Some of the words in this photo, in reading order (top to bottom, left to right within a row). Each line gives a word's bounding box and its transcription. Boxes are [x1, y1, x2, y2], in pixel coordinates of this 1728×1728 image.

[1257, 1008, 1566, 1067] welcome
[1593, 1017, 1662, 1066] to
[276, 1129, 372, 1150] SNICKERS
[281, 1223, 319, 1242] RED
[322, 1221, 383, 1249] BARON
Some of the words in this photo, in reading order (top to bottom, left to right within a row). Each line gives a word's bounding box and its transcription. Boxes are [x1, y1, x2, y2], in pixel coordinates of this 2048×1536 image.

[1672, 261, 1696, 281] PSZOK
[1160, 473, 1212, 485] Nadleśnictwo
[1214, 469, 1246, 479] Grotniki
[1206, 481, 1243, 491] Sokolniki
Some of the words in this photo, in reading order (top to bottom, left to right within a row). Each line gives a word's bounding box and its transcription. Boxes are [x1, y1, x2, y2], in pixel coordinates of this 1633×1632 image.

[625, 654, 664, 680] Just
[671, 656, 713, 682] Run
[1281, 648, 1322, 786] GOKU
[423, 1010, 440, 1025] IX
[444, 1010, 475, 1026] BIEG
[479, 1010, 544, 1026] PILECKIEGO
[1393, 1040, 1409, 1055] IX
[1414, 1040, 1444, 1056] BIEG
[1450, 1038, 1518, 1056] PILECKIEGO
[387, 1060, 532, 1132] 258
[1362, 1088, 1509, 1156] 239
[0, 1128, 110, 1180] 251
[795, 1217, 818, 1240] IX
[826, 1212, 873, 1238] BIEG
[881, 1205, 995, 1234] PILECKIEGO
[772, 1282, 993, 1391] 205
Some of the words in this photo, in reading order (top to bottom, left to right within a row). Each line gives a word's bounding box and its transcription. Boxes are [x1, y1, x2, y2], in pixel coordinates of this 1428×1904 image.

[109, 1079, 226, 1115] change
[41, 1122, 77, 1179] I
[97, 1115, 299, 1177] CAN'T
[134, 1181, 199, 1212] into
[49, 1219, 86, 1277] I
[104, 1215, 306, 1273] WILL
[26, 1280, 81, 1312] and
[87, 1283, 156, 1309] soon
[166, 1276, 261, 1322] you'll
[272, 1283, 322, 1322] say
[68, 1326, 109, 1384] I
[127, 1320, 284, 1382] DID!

* * * *

YOUR GOAL
Each record is to be repeated exactly.

WRITTEN ANSWER
Some of the words in this photo, in reading order (top to bottom, left to right within a row). Each line gives a word's bounding box and its transcription. Boxes are [x1, y1, x2, y2], in pixel coordinates of this 1728×1728 image.

[1257, 1008, 1566, 1067] welcome
[1593, 1017, 1662, 1066] to
[276, 1129, 372, 1150] SNICKERS
[281, 1223, 319, 1242] RED
[322, 1221, 383, 1249] BARON
Some of the words in this photo, in reading order (top to bottom, left to right within a row). Each line gives a word's bounding box and its transcription. Boxes are [x1, y1, x2, y2], in pixel coordinates of this 2048×1536 image.

[1672, 261, 1696, 281] PSZOK
[1160, 473, 1212, 485] Nadleśnictwo
[1214, 469, 1246, 479] Grotniki
[1206, 481, 1243, 491] Sokolniki
Some of the words in this photo, in reading order (top to bottom, left to right within a row). Each line gives a word's bounding box and its transcription. Boxes are [x1, y1, x2, y2], in pixel coordinates of this 1633×1632 image.

[625, 654, 664, 680] Just
[671, 656, 713, 682] Run
[1281, 648, 1322, 786] GOKU
[423, 1010, 440, 1025] IX
[444, 1010, 475, 1026] BIEG
[479, 1010, 544, 1026] PILECKIEGO
[1393, 1040, 1409, 1055] IX
[1414, 1040, 1444, 1056] BIEG
[1450, 1038, 1518, 1056] PILECKIEGO
[387, 1060, 532, 1132] 258
[1362, 1088, 1509, 1156] 239
[0, 1128, 110, 1180] 251
[795, 1217, 818, 1240] IX
[826, 1212, 873, 1238] BIEG
[881, 1205, 995, 1234] PILECKIEGO
[772, 1282, 993, 1391] 205
Some of the words in this photo, in reading order (top to bottom, left to right within a row). Each line gives a word's bounding box and its transcription. Boxes are [x1, y1, x2, y2], in pixel coordinates of this 1428×1904 image.

[109, 1079, 226, 1115] change
[41, 1122, 77, 1179] I
[97, 1115, 299, 1177] CAN'T
[134, 1181, 199, 1212] into
[49, 1219, 86, 1277] I
[104, 1215, 306, 1273] WILL
[26, 1280, 81, 1312] and
[87, 1283, 156, 1309] soon
[166, 1276, 261, 1322] you'll
[272, 1283, 322, 1322] say
[68, 1326, 109, 1384] I
[127, 1320, 284, 1382] DID!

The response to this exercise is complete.